Enclosure, Tibradden, Co. Dublin
Co. Dublin |
Enclosures
Some ancient sites are lost not because they have vanished entirely, but because no one has been quite sure where to look.
On Tibradden Mountain in County Dublin, there is an enclosure, the kind of roughly circular or oval boundary feature common across the Irish landscape, built in stone or earth to define a domestic, agricultural, or ritual space, that exists in the historical record without existing, with any confidence, on the ground. It is a place that is simultaneously documented and elusive.
The enclosure first appears in the Ordnance Survey Letters of 1837, a remarkable series of notebooks compiled by antiquarians working alongside the surveyors of the first large-scale mapping of Ireland. These letters recorded local placenames, folklore, and monuments, often with accompanying sketches, and they remain a vital source for features that were already fading from the landscape nearly two centuries ago. This particular enclosure was noted and illustrated in that survey, which gives it a degree of historical reality, but according to Michael Herity's 2001 assessment, its precise location on the mountain has never been established with certainty.

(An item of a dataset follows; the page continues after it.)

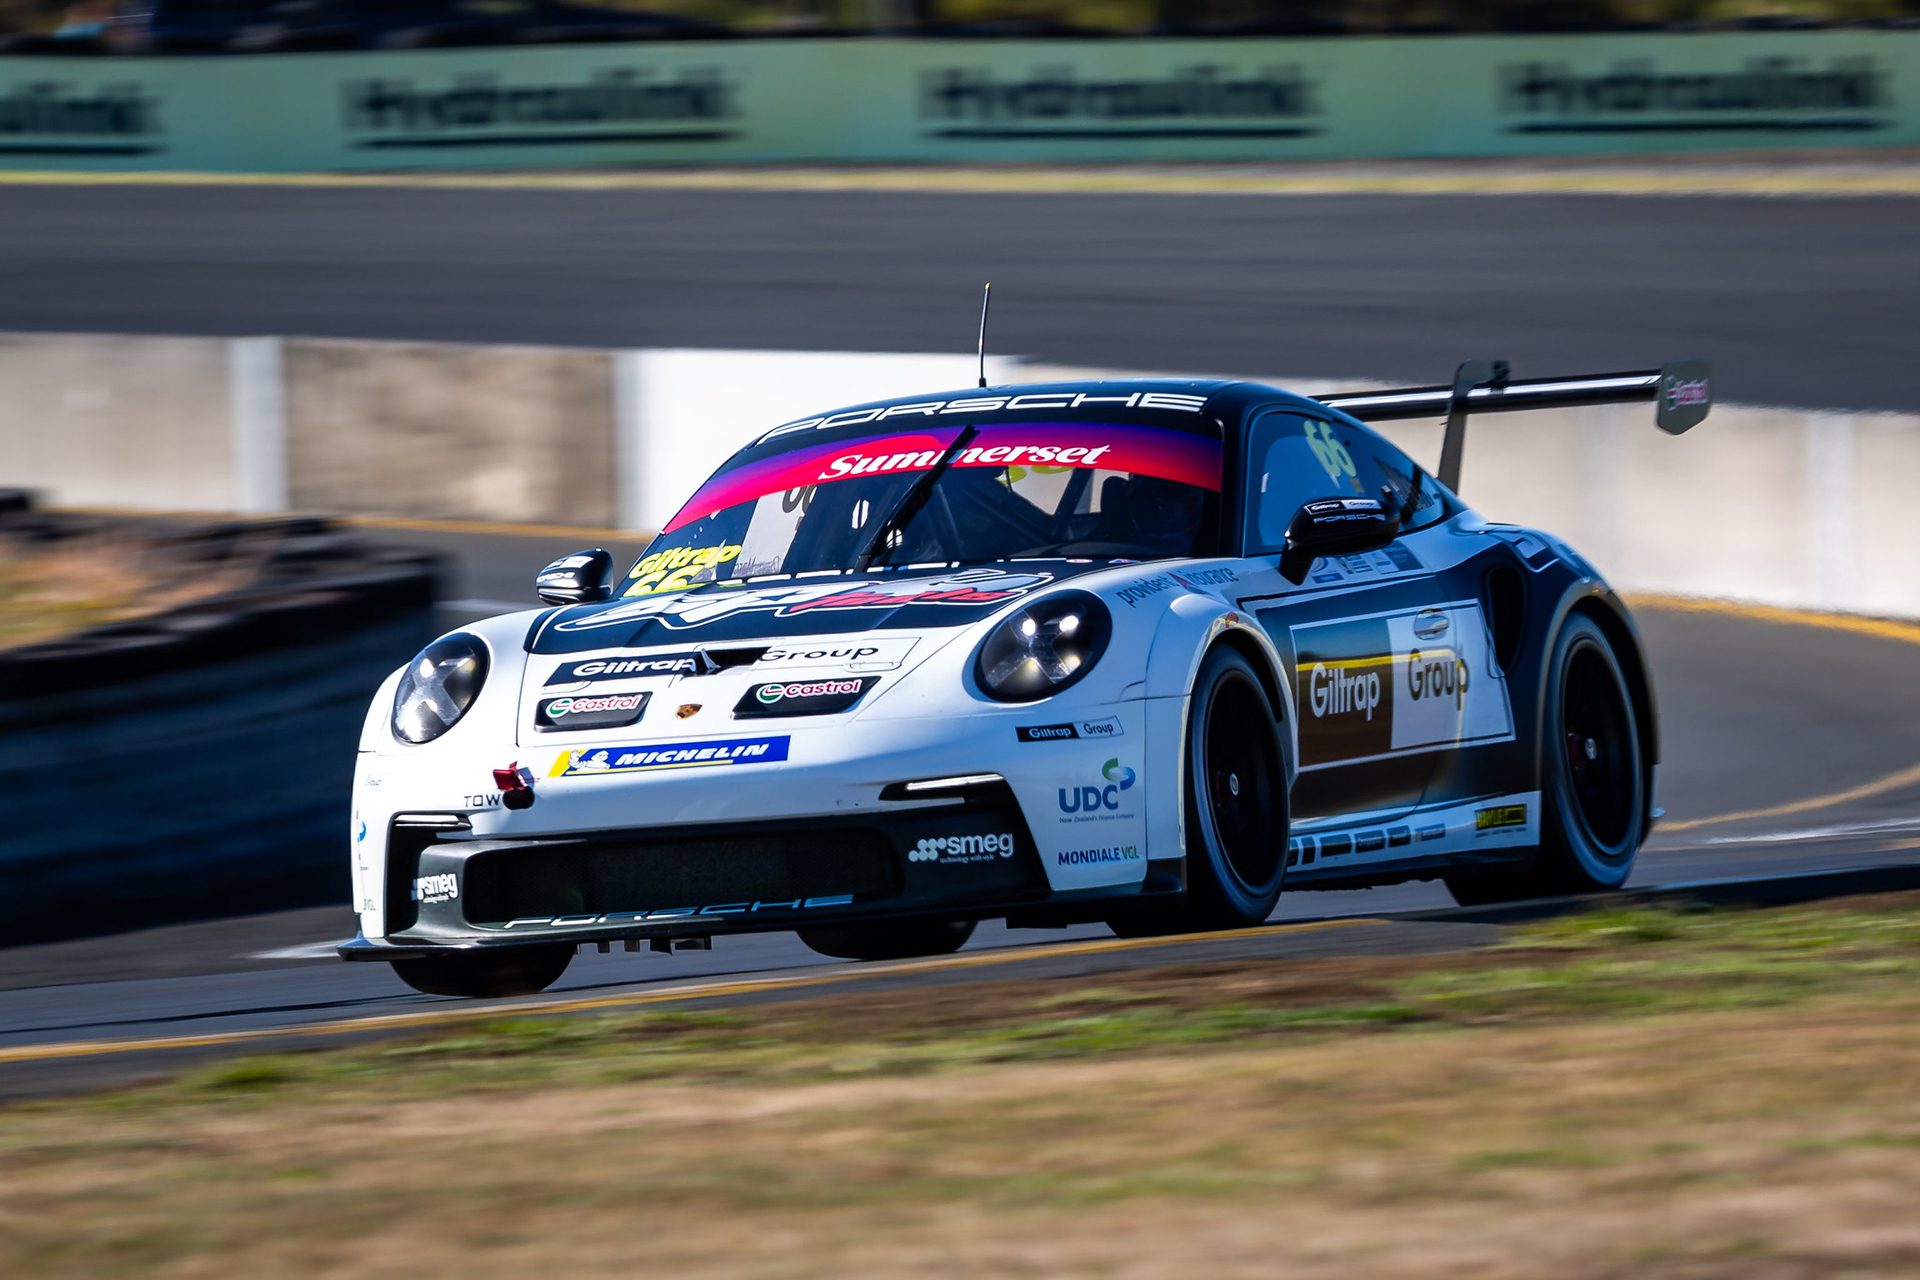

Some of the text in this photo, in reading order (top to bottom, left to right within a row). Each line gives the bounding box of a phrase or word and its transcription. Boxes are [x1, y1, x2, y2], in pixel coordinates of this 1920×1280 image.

The sketch survives; the site itself remains unconfirmed.
Tibradden Mountain sits within the Dublin Mountains, south of the city, and the area is reasonably accessible to walkers familiar with the upland paths that cross this part of the Dublin Mountains Way. The mountain already holds other recorded prehistoric remains, so a visitor exploring the area is moving through a landscape with genuine archaeological depth. Those hoping to find this particular enclosure, however, should manage expectations carefully. Without a confirmed location, it cannot be pointed to or ticked off. What the site offers instead is something rarer: a reminder that the documentary record of Irish monuments is full of features observed once, sketched by a careful hand, and then quietly lost to time, overgrowth, or changed land use, waiting, in principle, to be relocated.